[Task]:
Everything in the listing below must be set down again exactly, apart from the pictures.

[Given records]:
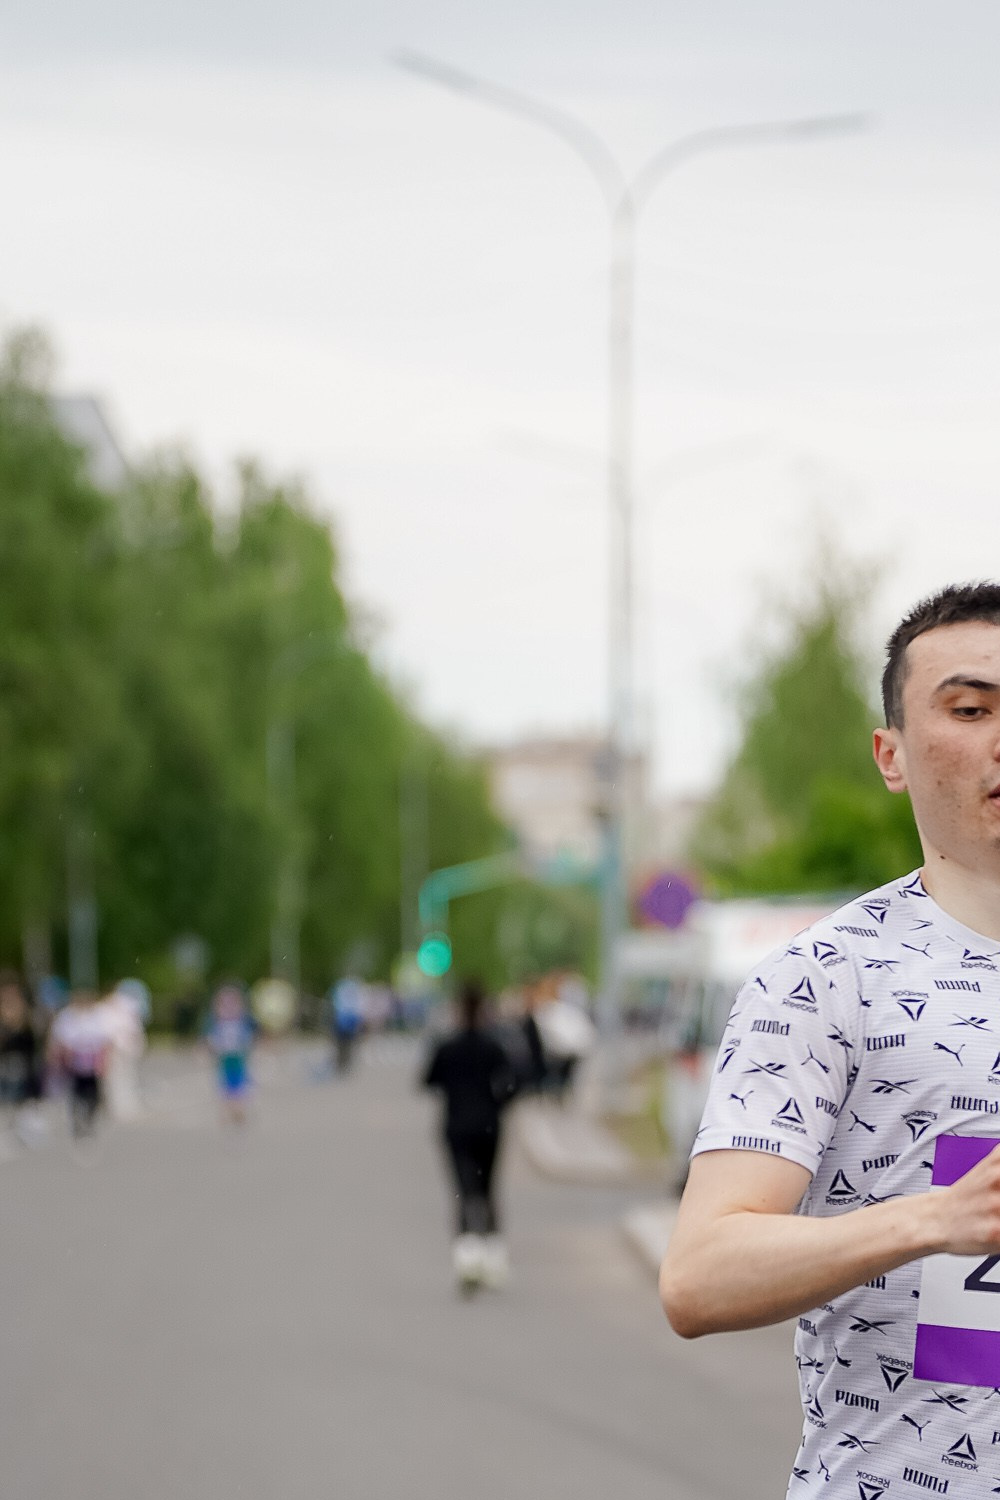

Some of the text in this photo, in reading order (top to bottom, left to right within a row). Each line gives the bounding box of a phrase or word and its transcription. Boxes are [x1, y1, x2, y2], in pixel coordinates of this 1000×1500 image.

[933, 979, 982, 993] PUMA
[951, 1095, 999, 1115] PUMA
[876, 1353, 913, 1370] Reebok
[835, 1389, 880, 1413] PUMA
[941, 1454, 979, 1473] Reebok
[856, 1470, 891, 1489] Reebok
[903, 1467, 949, 1494] PUMA
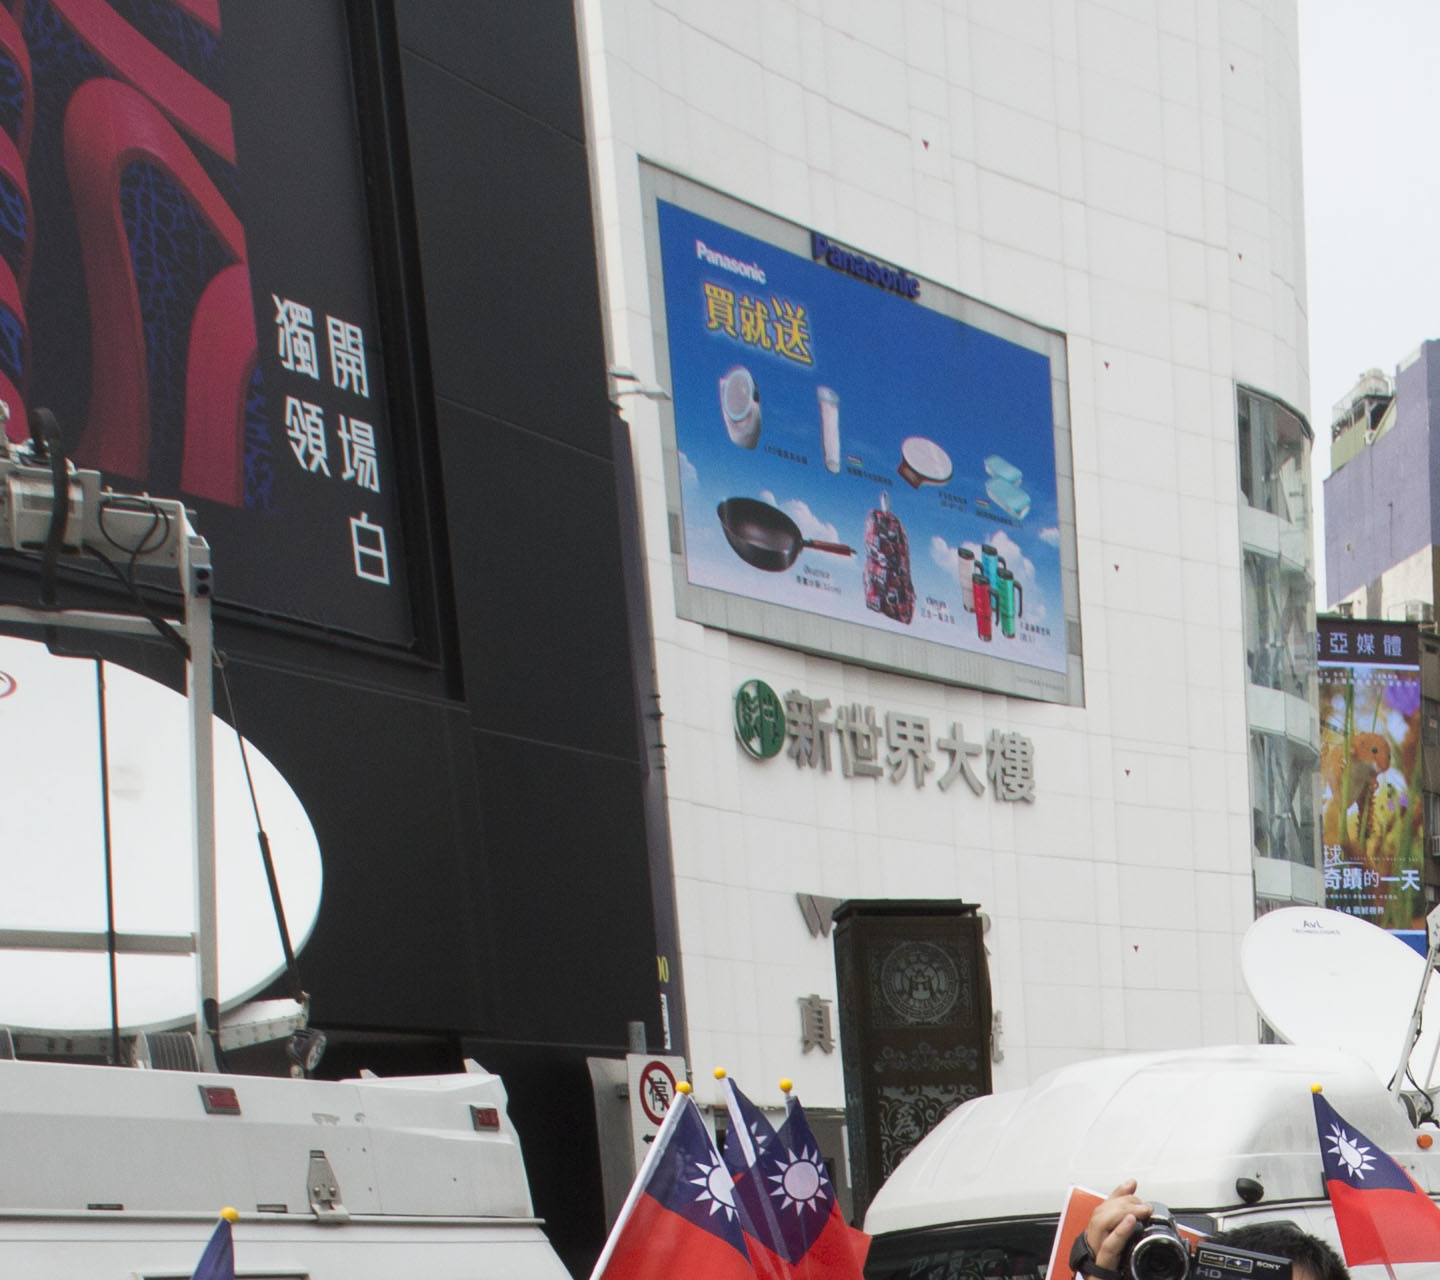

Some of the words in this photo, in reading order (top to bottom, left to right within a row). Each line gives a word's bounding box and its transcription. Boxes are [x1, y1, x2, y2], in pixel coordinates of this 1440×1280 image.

[Problem solution]:
Some of the text in this photo, in reading order (top to bottom, left to right within a row). Each line gives the bounding box of a phrase or word and its transcription. Boxes are [x1, y1, x2, y2], in pixel coordinates of this 1000×1500 image.

[933, 979, 982, 993] PUMA
[951, 1095, 999, 1115] PUMA
[876, 1353, 913, 1370] Reebok
[835, 1389, 880, 1413] PUMA
[941, 1454, 979, 1473] Reebok
[856, 1470, 891, 1489] Reebok
[903, 1467, 949, 1494] PUMA

Some of the words in this photo, in reading order (top to bottom, left to right within a row). Each line gives a word's bounding box and its transcription. Boxes are [x1, y1, x2, y2], in pixel coordinates of this 1440×1280 image.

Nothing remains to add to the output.